HIV menopause care may improve when clinicians initiate trauma-informed conversations before midlife patients struggle with untreated symptoms.
Why HIV Menopause Care Needs Earlier Action
HIV menopause care remains underdeveloped despite a disproportionate symptom burden among cisgender women living with HIV (WWH), according to a qualitative study of HIV care providers in the San Francisco Bay Area.
Researchers interviewed 15 HIV care providers between May and September 2024 to understand how clinicians discuss menopause, assess symptoms, and support treatment decisions for patients going through the menopausal transition. Interviews lasted approximately 40 minutes and were analyzed thematically.
The findings point to a clear training need. Providers reported minimal education on menopause during their clinical or professional training, and none had received training on the intersection of menopause and HIV. Many described their menopause competence as neutral or mid-level, often shaped more by years of practice or personal experience than formal education.
Patients Often Start the Conversation
Menopause discussions were usually prompted by patients raising concerns, rather than routine screening by providers. Clinicians described patients presenting with hot flashes, sleep disruption, mood changes, sexual dysfunction, or vague symptoms that patients did not always recognize as menopause related.
Trust emerged as central to these conversations. Providers noted that long-standing relationships made it easier for patients to raise sensitive concerns, particularly when symptoms affected sexuality, mood, or body awareness.
The study also emphasized the importance of trauma-informed care. Providers reported that many patients had histories of complex trauma, which could shape how they experienced bodily changes and how willing they were to discuss symptoms. The authors recommended that provider-initiated, trauma-informed menopause conversations become part of standard care for WWH older than 35 years.

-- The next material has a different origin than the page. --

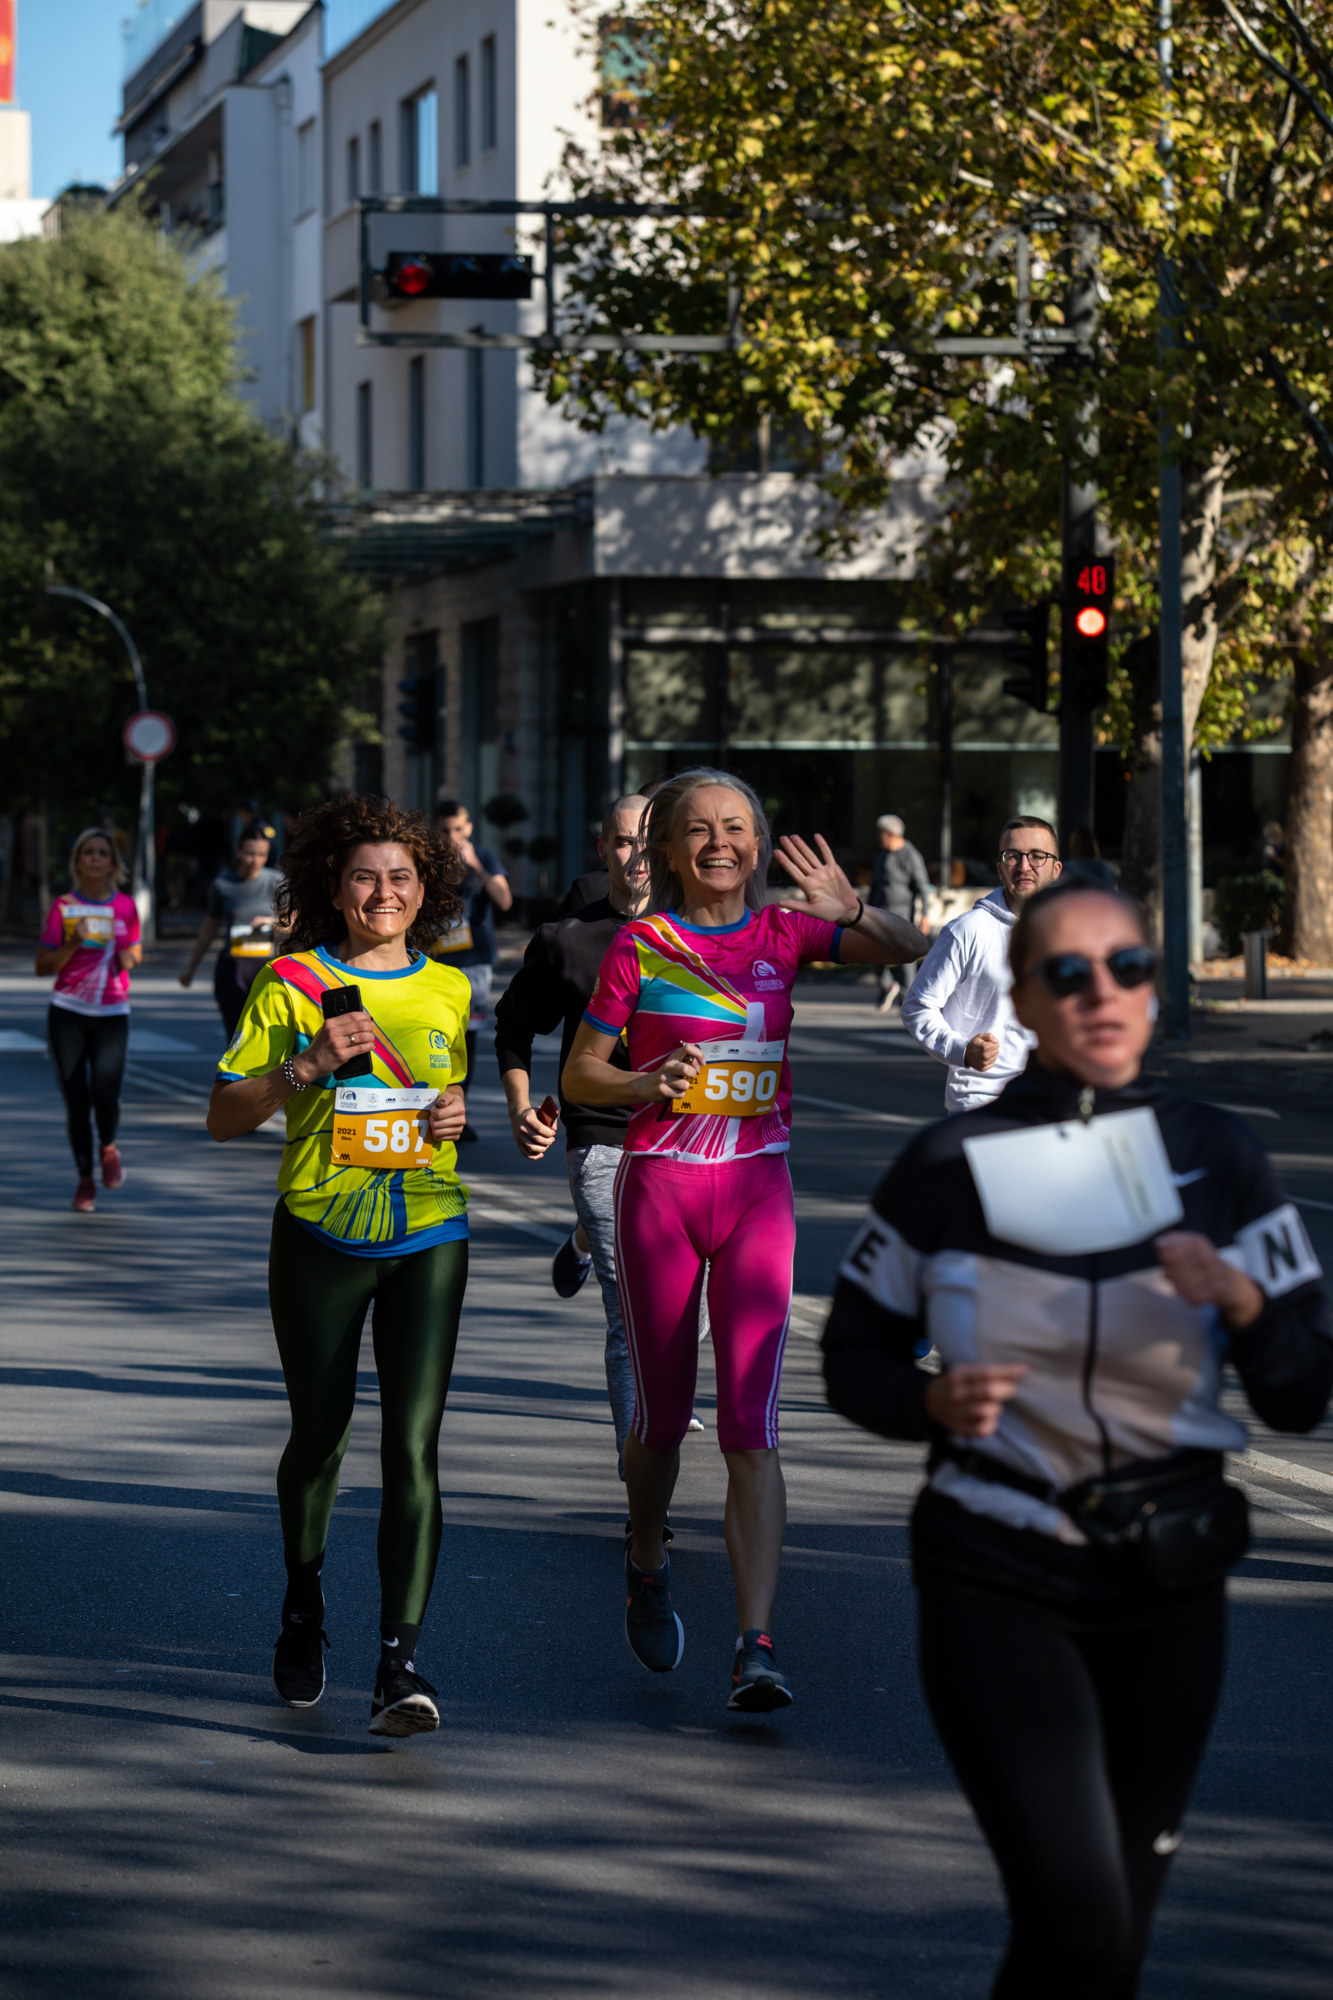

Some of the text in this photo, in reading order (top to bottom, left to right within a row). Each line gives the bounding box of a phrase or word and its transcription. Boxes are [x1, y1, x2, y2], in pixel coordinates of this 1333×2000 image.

Treatment Decisions Remain Clinically Complex
Most prescribing providers felt comfortable offering menopause hormone therapy when clinically appropriate, but rapidly changing evidence and inconsistent messaging complicated care. Some clinicians were aware of older caution around hormone therapy, while also recognizing that current evidence has shifted toward broader symptom management use.

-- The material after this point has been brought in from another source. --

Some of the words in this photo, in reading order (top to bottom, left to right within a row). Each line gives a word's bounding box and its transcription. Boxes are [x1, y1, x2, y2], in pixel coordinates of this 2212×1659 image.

Team-based care helped address these uncertainties. Non-prescribing providers often referred patients to primary care clinicians, nurse practitioners, or obstetrics and gynecology colleagues, while prescribing providers consulted resources and specialists when needed.
The findings suggest that improved continuing medical education, menopause-specific training for HIV care providers, and tailored symptom assessment tools could strengthen HIV menopause care and reduce the burden on patients to raise concerns themselves.